The menu offered four types of ceviche – the “clasico” (the Bear assumes prior knowledge), the “ecuatoriano” with lemon juice and tamarillo, the “camarones” with blue prawns instead of sea bass, and a vegetarian option employing some seriously large ‘shrooms. All four were superb. The jolly chef, Jorge, was keen to introduce himself and explain that, as Inca Plebeyo is an Ecuadorian restaurant, the ceviche is slightly different – it is served in a sauce (or a soup) with lots of fresh tomato and onion, and less lime juice than the Peruvian version. Whatever – the Bear sent it all down the hatch post-haste. Well, when you’re sharing with others and you’re presented with something this good, you either eat immediately or forever hold your peace.

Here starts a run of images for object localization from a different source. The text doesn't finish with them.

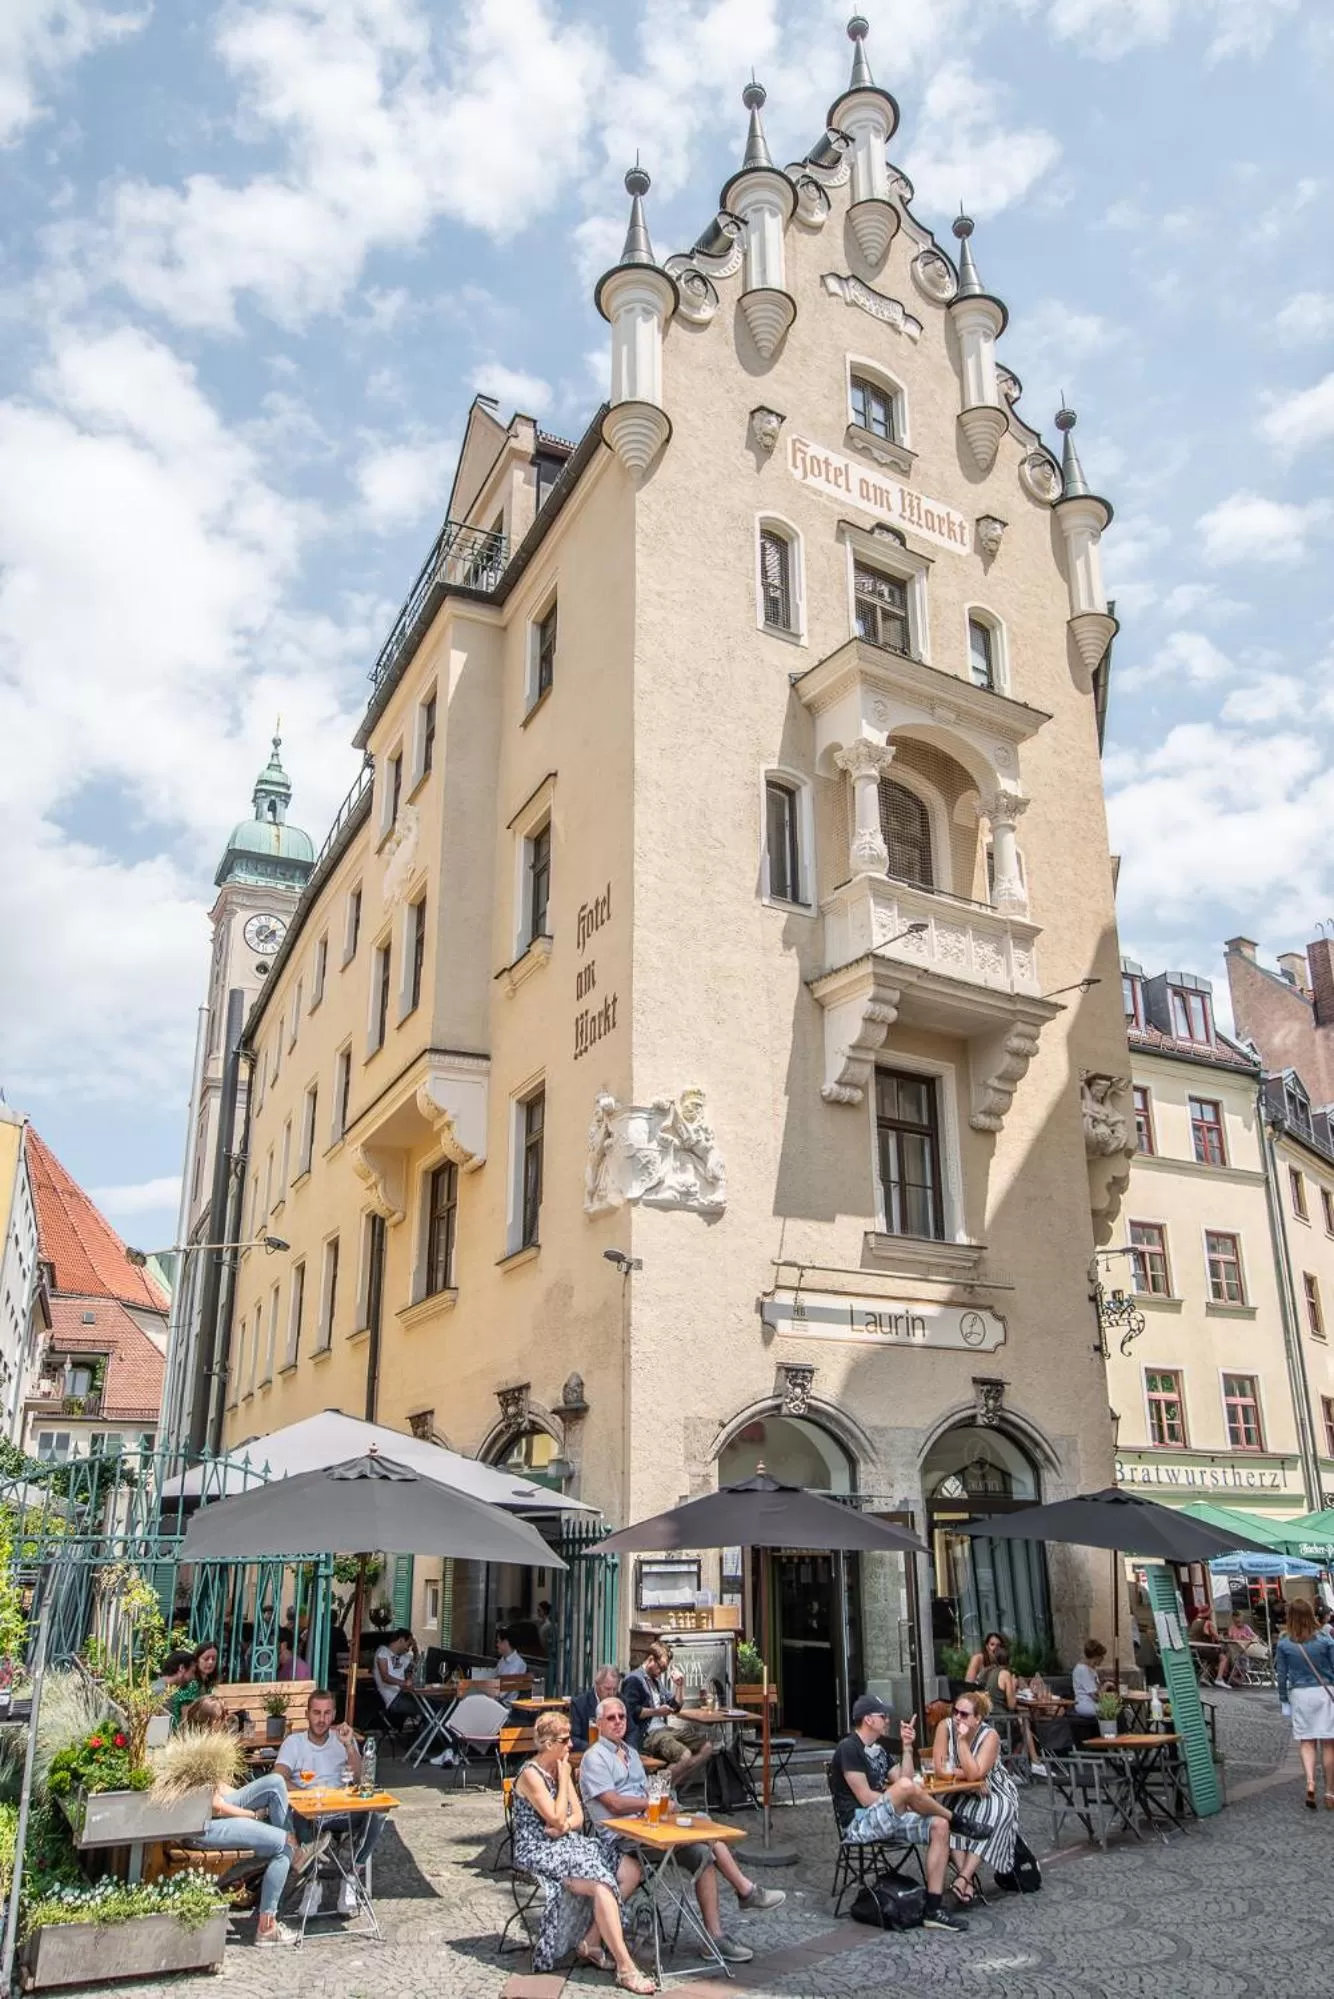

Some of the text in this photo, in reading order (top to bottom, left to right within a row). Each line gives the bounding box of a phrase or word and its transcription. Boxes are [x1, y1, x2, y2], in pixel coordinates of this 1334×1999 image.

[792, 437, 968, 546] Hotel am Markt
[577, 881, 611, 956] Hotel
[576, 960, 596, 1001] am
[574, 992, 618, 1060] Markt
[850, 1305, 926, 1337] Laurin
[1115, 1460, 1287, 1488] Bratwurstherzl
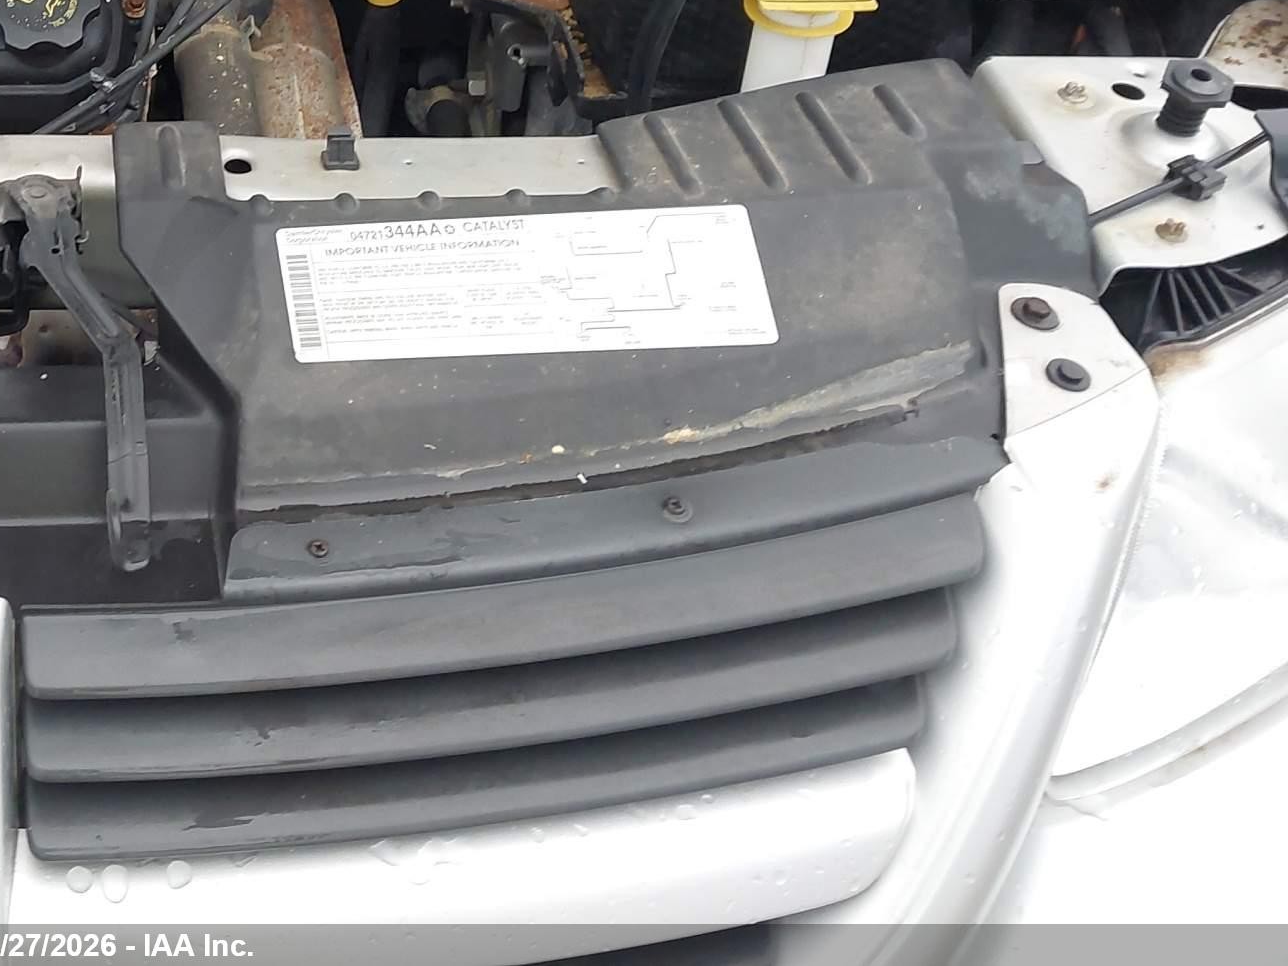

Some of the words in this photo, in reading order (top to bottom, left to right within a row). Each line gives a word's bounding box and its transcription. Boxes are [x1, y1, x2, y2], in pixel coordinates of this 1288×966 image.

[462, 219, 525, 232] CATALYST
[325, 245, 389, 257] IMPORTANT
[393, 242, 436, 253] VEHICLE
[440, 239, 520, 250] INFORMATION
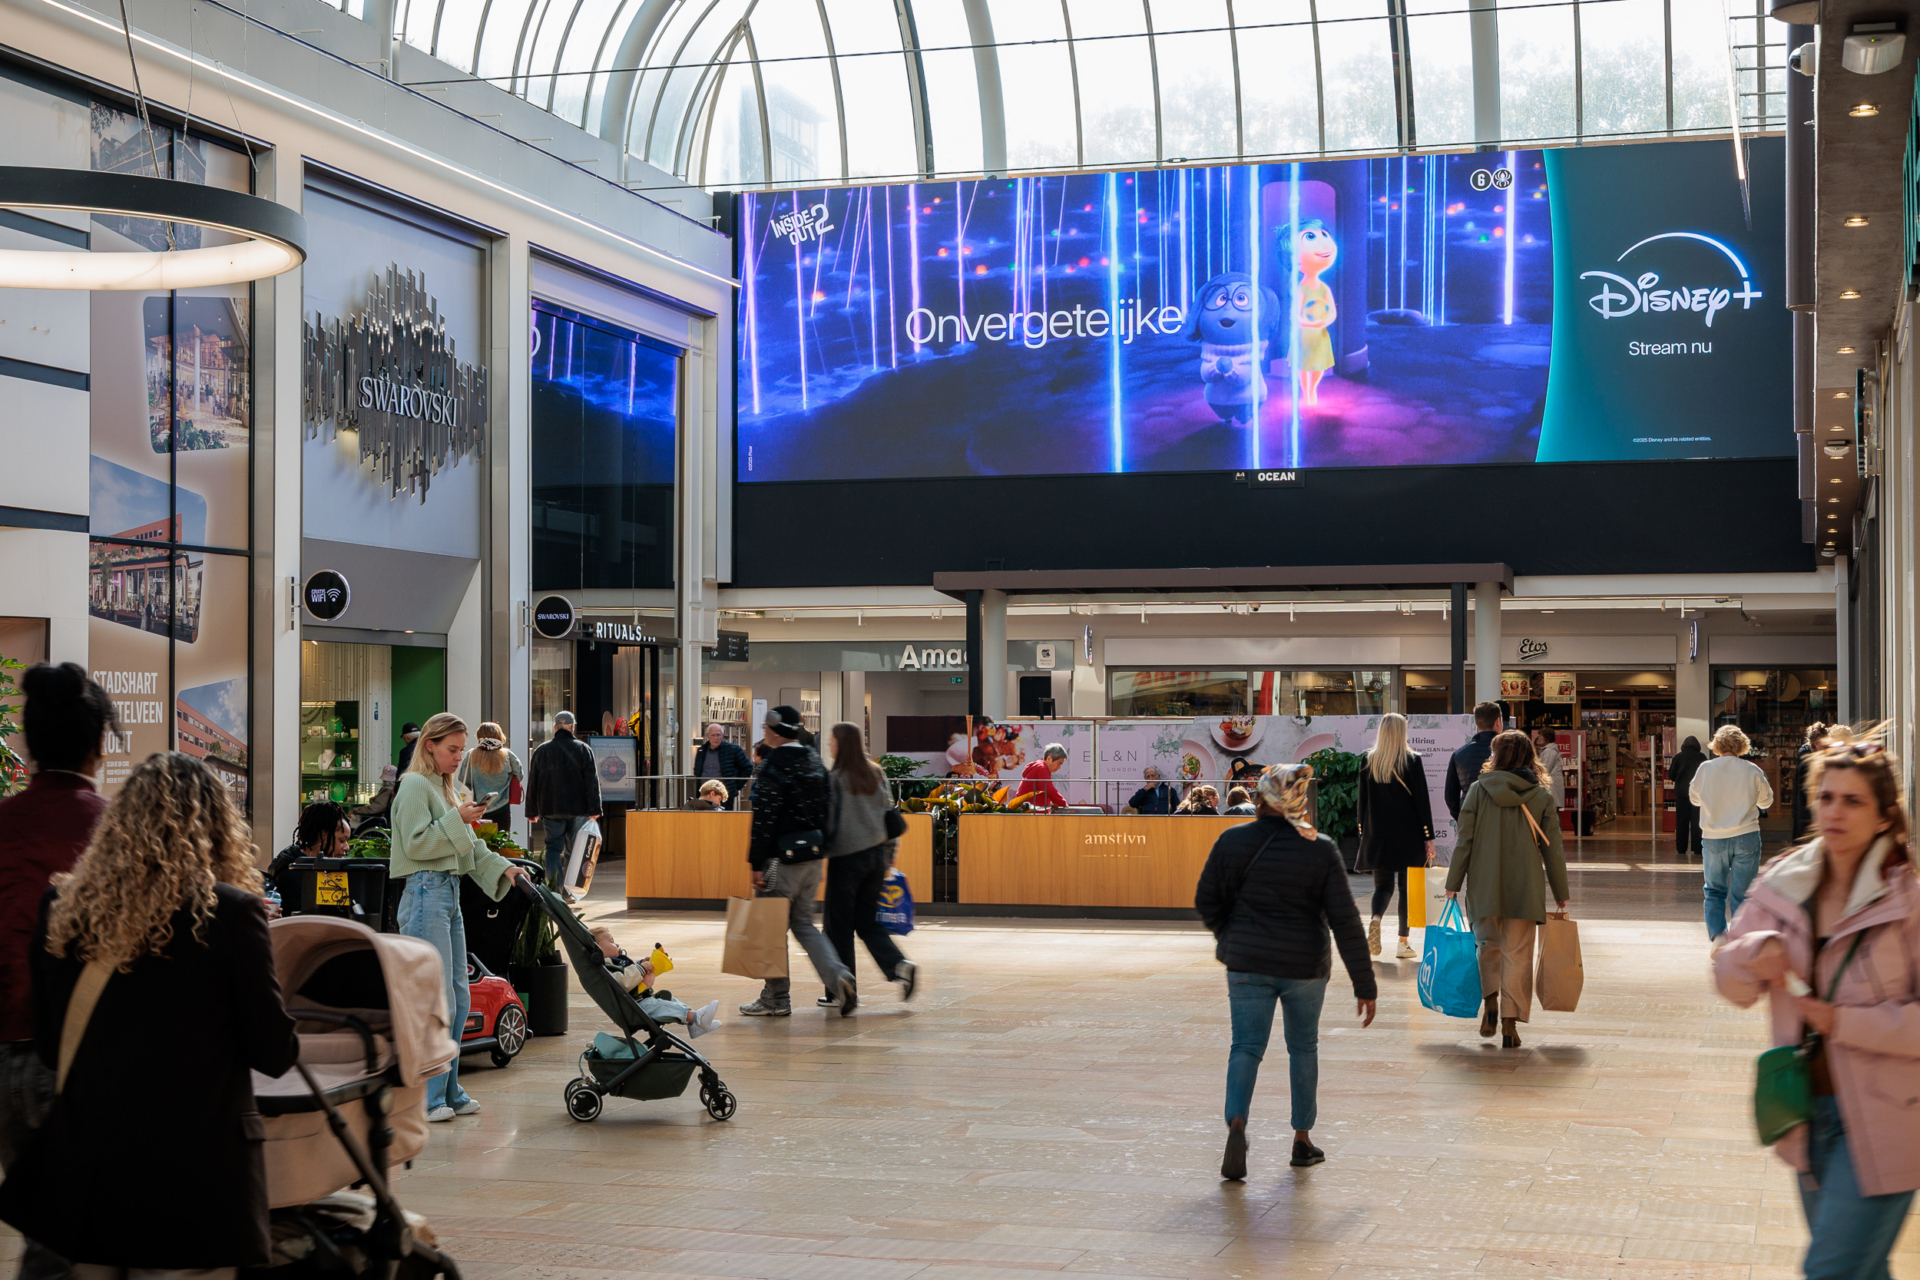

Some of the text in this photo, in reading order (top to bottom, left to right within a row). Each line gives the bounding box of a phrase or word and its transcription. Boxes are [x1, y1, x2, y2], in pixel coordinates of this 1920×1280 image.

[770, 209, 814, 239] INSIDE
[810, 203, 835, 236] 2
[789, 222, 816, 246] OUT
[905, 298, 1183, 349] Onvergetelijke
[1628, 341, 1712, 356] Stream nu
[359, 376, 458, 427] SWAROVSKI
[1257, 472, 1297, 482] OCEAN
[312, 594, 327, 603] WIFI
[537, 613, 570, 621] SWAROVSKI
[1519, 638, 1548, 654] Etos
[899, 644, 968, 669] Ama
[93, 670, 159, 695] STADSHART
[1412, 737, 1435, 745] Hiring
[1085, 831, 1147, 845] amstlvn

Main courses followed – sirloin steak, lamb rump and pork belly all went down the hatch, although not in nearly such a rush, as these were truly meats to be savoured. All meat, no fat, and melted in the mouth. Sides included the “ensalada de habas” salad (it’s unclear whether one can call something involving pomegranate, chilli and cheese a “salad”, but the Bear is not minded to doubt Jorge where the kitchen is concerned).
The Bear didn’t like the desserts, but you can’t really order something that contains liquorice, and then complain when it tastes of liquorice, on the basis that you don’t like liquorice. Such was the ambrosia that Jorge had served up for starter and main course, the Bear hoped that he might be able to make liquorice palatable. But seemingly there are some tasks too Sisyphean even for our mestizo maestro.
The verdict – the food is great. The service is friendly. The bill is reasonable. Jorge is a big lad – and there’s mileage in the maxim that you never trust a skinny cook. Inca Plebeyo deserves to be busier. It would be busier if it wasn’t on the distinctly dreary Essex Road and could attract food traffic (yes, food traffic). It will be busier once word of its food gets out. Don’t say the Bear didn’t tell you!